This relationship is likely an ancient one. Mucus is universal to animals from corals to fish to humans, and phages are universal to mucus. Perhaps this was how the very first animals defended themselves against infections. They developed mucus to concentrate phages that were plentiful in their environment, and the viruses in turn helped their hosts to control the microbial multitudes around them. It was a mutually beneficial relationship between animal and virus, and one that continues today.
But the latest experiments from Barr’s team, many of which were done by his colleague Sophie Nguyen, suggest that this relationship between animals and phages is even more intimate. The phages aren’t just sitting atop human gut cells, acting as bouncers. They are actually being trafficked through the cells themselves. The team even used powerful microscopes to confirm the presence of phages within the cells. “A cell is enormous compared to a phage,” says Barr. “It’s like finding a cup of coffee by sectioning a skyscraper.”

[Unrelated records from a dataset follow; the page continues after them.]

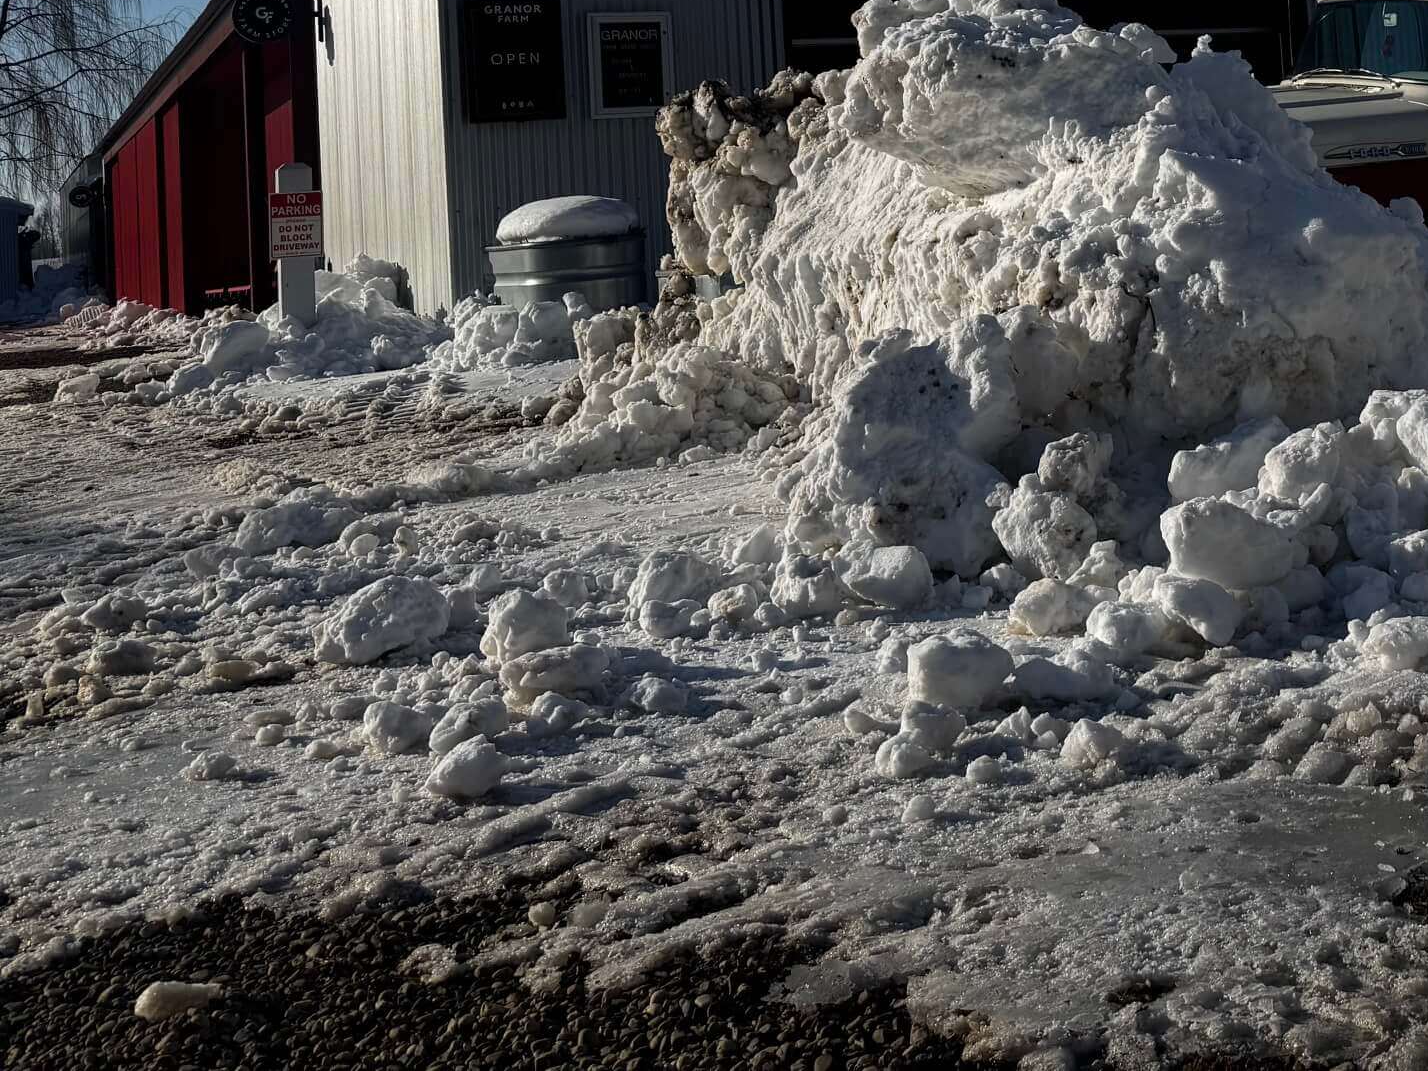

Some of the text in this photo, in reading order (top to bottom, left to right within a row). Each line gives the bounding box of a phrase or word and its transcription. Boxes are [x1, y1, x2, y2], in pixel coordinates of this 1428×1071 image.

[484, 3, 543, 15] GRANOR
[497, 14, 530, 24] FARM
[490, 52, 541, 66] OPEN
[286, 193, 307, 205] NO
[271, 204, 321, 216] PARKING
[279, 224, 314, 233] DO NOT
[280, 233, 313, 242] BLOCK
[273, 242, 320, 251] DRIVEWAY

In the experiment, just 0.1 percent of the total phages made it through. But based on their rate of travel, and the staggering number of them in the average human gut, the team estimated that our gut cells absorb around 31 billion phages every day. “The percentage feels like it can’t be that important but when you turn that percentage into absolute numbers, it feels biologically relevant,” says Corinne Maurice from McGill University, who also studies phages and was not involved in this study.
The team only did experiments using lab-grown cells, but Barr says there’s good reason to think that the same viral journeys take place in living bodies. For over 70 years, scientists have been “finding phages in parts of the body where they shouldn’t be,” he says, including supposedly sterile organs like the lungs. Microbiologist René Dubos found hints of this in 1943, by injecting phages into the guts of mice and finding those same viruses in the rodents’ brains.
“Phages can be detected outside the gastrointestinal tract, but there hasn’t been any real proof of how they get there,” says Lori Holtz from Washington University School of Medicine in St Louis. Many scientists believed that they were just leaking through gaps between the cells, but Nguyen’s work suggests that they are actually going through the cells themselves. In her experiments, the phages could traverse cells that line the kidneys, lungs, liver, and even the brain. “That’s absolutely astonishing in my view,” says Barr. The brain is separated from other organs by the blood-brain barrier—one of the most tightly controlled borders in the body. It’s incredibly hard for scientists to get small molecules through it. And yet, phages seem to do so.
This isn’t an infection in any meaningful way. The phages aren’t hijacking human cells to make more copies of themselves, as viruses like influenza, Zika, or Ebola might. Instead, Barr thinks that the cells are in control. They’re actively engulfing phages, and shuttling them from one end to the other. Why?